[Stored entries]
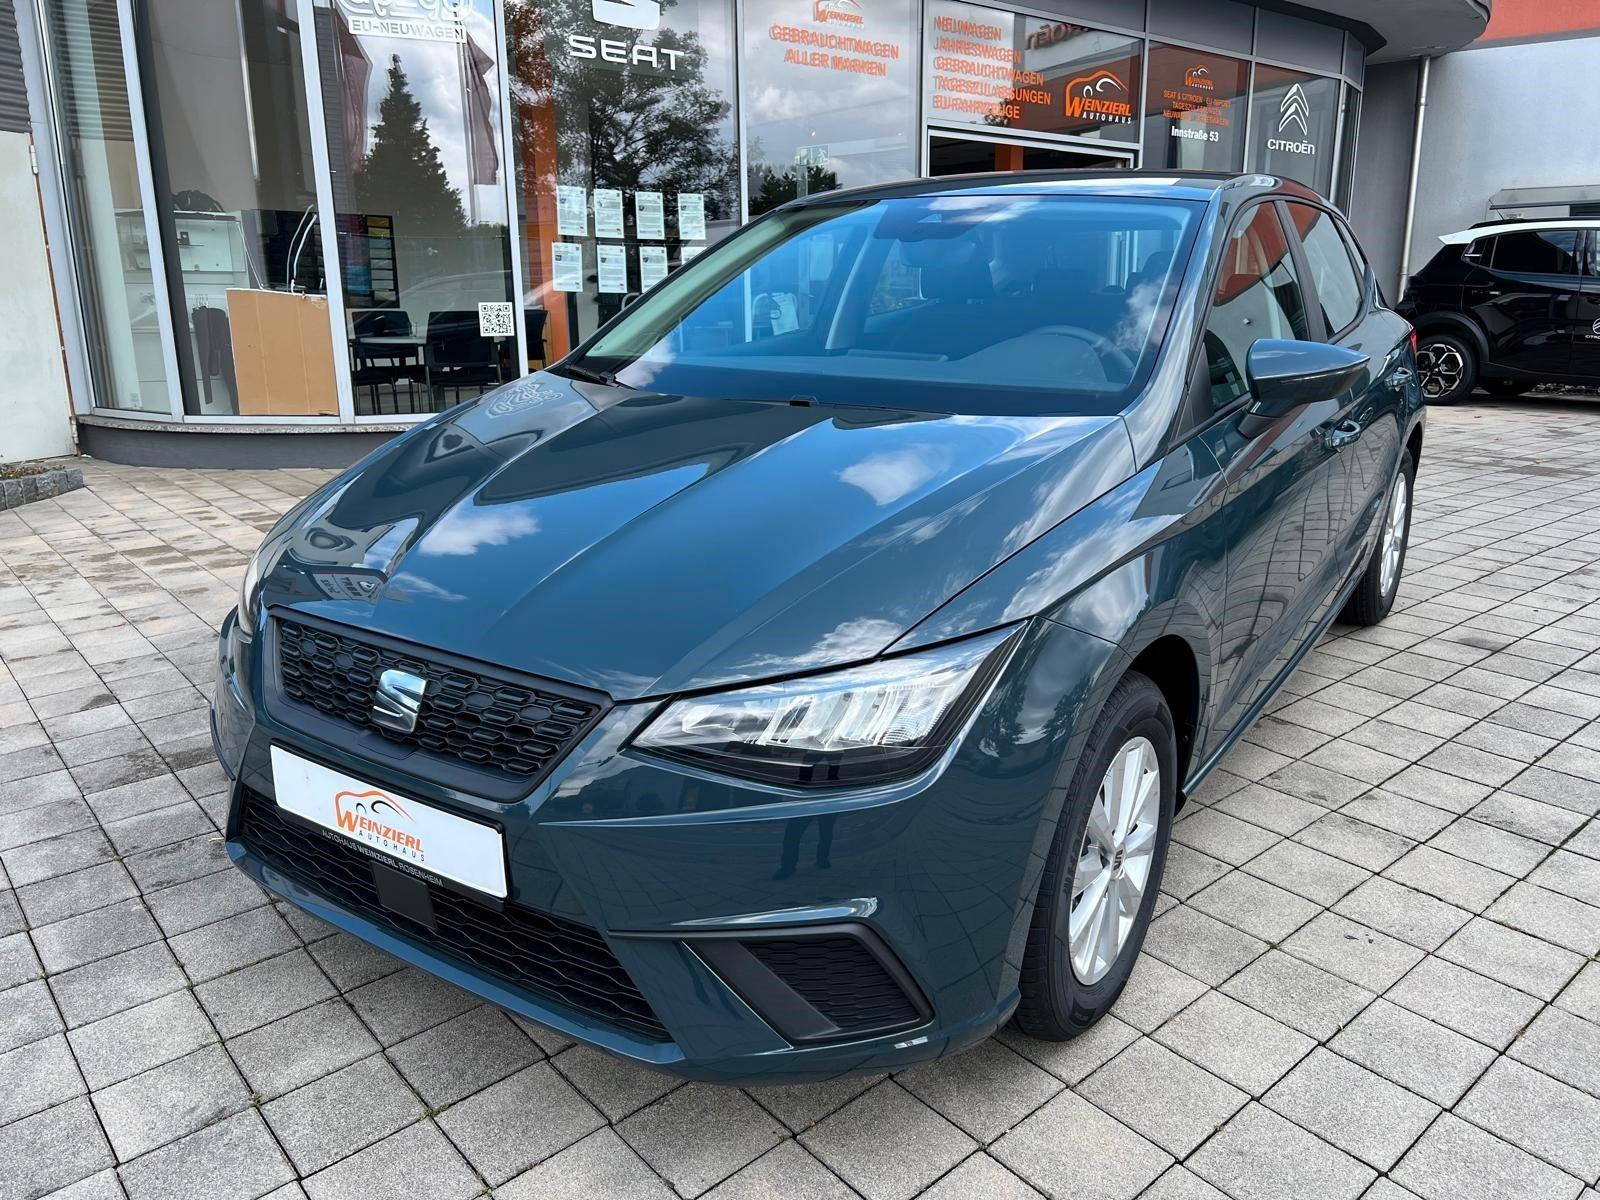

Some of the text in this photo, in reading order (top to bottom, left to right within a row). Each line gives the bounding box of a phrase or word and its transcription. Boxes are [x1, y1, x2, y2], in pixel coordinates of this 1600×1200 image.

[352, 20, 464, 39] EU-NEUWAGEN
[769, 24, 899, 60] GEBRAUCHTWAGEN
[933, 15, 1003, 41] NEUWAGEN
[568, 34, 685, 71] SEAT
[784, 48, 886, 77] ALLER MARKEN
[933, 36, 1022, 65] JAHRESWAGEN
[933, 55, 1044, 87] GEBRAUCHTWAGEN
[933, 74, 1052, 106] TAGESZULASSUNGEN
[1065, 95, 1132, 118] WEINZIERL
[1082, 111, 1132, 125] AUTOHAUS
[1171, 125, 1219, 142] Innstraße 53
[336, 810, 425, 853] WEINZIERL
[358, 829, 426, 863] AUTOHAUS
[321, 829, 445, 888] AUTOHAUS WEINZIERL ROSENHEIM
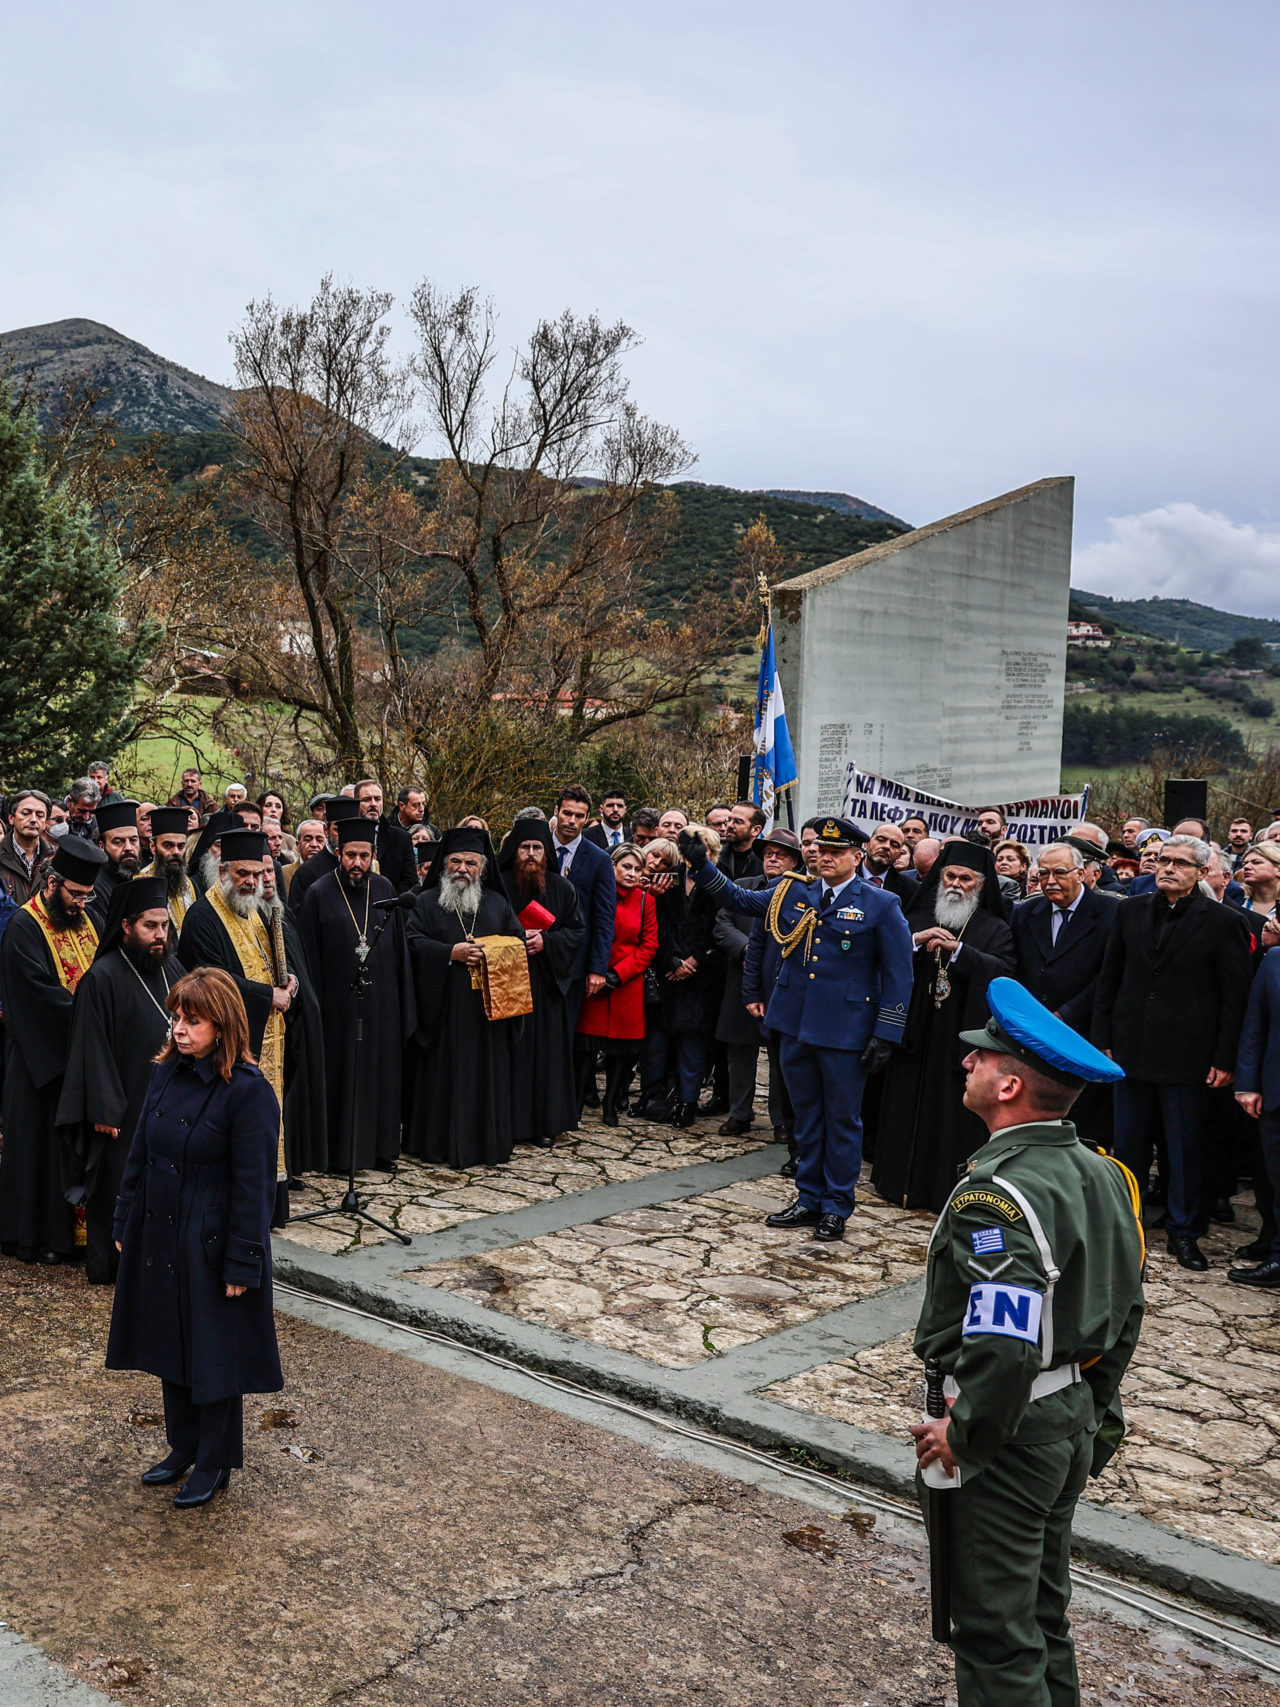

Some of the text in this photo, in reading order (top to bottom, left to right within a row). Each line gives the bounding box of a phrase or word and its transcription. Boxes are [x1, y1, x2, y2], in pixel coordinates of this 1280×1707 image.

[856, 774, 876, 794] ΝΑ
[878, 777, 911, 802] ΜΑΣ
[851, 798, 867, 818] ΤΑ
[928, 812, 961, 834] ΠΟΥ
[1006, 823, 1072, 844] ΡΩΣΤΑΝ
[955, 1192, 1016, 1218] ΣΤΡΑΤΟΝΟΜΙΑ
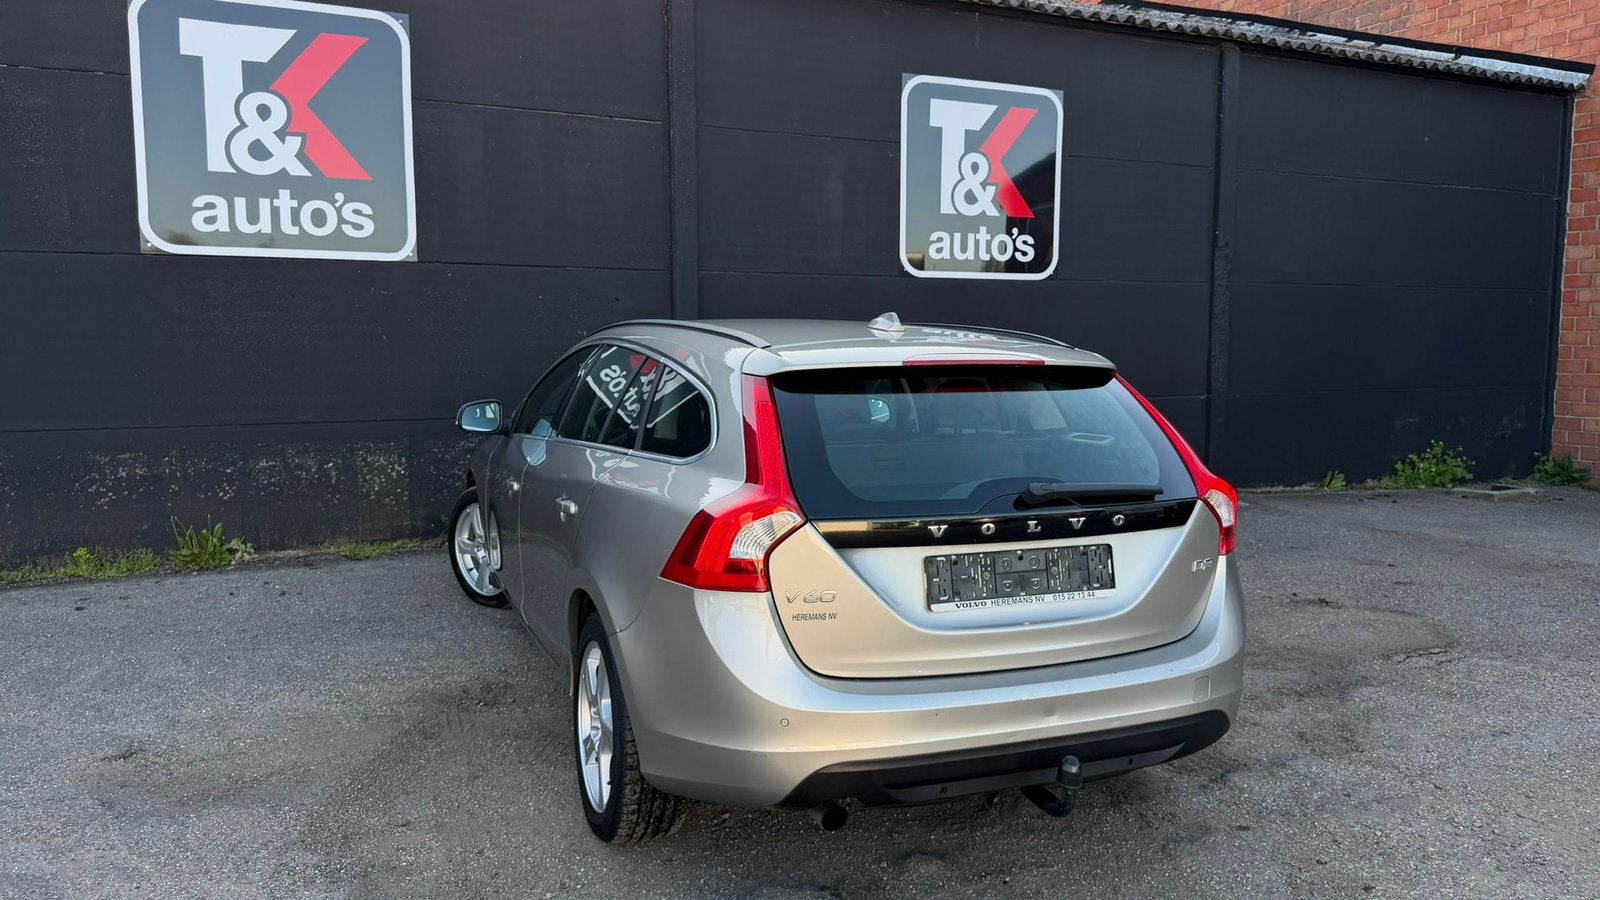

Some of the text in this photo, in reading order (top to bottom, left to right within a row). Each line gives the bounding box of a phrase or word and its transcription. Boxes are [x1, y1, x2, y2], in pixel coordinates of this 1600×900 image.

[179, 17, 373, 181] T&K
[929, 98, 1039, 219] T&K
[191, 189, 375, 238] auto's
[928, 226, 1035, 262] auto's
[928, 514, 1125, 538] VOLVO
[785, 589, 837, 604] V60
[955, 591, 1096, 609] VOLVO HEREMANS NV 015 22 13 44
[791, 612, 838, 621] HEREMANS NV

Task goal: Give every line above again exactly, omitting whatever pictures appear.

Result:
Some of the text in this photo, in reading order (top to bottom, left to right within a row). Each line gives the bounding box of a phrase or word and its transcription. Boxes are [x1, y1, x2, y2], in pixel coordinates of this 1600×1200 image.

[352, 20, 464, 39] EU-NEUWAGEN
[769, 24, 899, 60] GEBRAUCHTWAGEN
[933, 15, 1003, 41] NEUWAGEN
[568, 34, 685, 71] SEAT
[784, 48, 886, 77] ALLER MARKEN
[933, 36, 1022, 65] JAHRESWAGEN
[933, 55, 1044, 87] GEBRAUCHTWAGEN
[933, 74, 1052, 106] TAGESZULASSUNGEN
[1065, 95, 1132, 118] WEINZIERL
[1082, 111, 1132, 125] AUTOHAUS
[1171, 125, 1219, 142] Innstraße 53
[336, 810, 425, 853] WEINZIERL
[358, 829, 426, 863] AUTOHAUS
[321, 829, 445, 888] AUTOHAUS WEINZIERL ROSENHEIM

Some of the text in this photo, in reading order (top to bottom, left to right within a row). Each line gives the bounding box of a phrase or word and its transcription. Boxes are [x1, y1, x2, y2], in pixel coordinates of this 1280×1707 image.

[856, 774, 876, 794] ΝΑ
[878, 777, 911, 802] ΜΑΣ
[851, 798, 867, 818] ΤΑ
[928, 812, 961, 834] ΠΟΥ
[1006, 823, 1072, 844] ΡΩΣΤΑΝ
[955, 1192, 1016, 1218] ΣΤΡΑΤΟΝΟΜΙΑ

Some of the text in this photo, in reading order (top to bottom, left to right within a row). Each line gives the bounding box of a phrase or word and its transcription. Boxes are [x1, y1, x2, y2], in pixel coordinates of this 1600×900 image.

[179, 17, 373, 181] T&K
[929, 98, 1039, 219] T&K
[191, 189, 375, 238] auto's
[928, 226, 1035, 262] auto's
[928, 514, 1125, 538] VOLVO
[785, 589, 837, 604] V60
[955, 591, 1096, 609] VOLVO HEREMANS NV 015 22 13 44
[791, 612, 838, 621] HEREMANS NV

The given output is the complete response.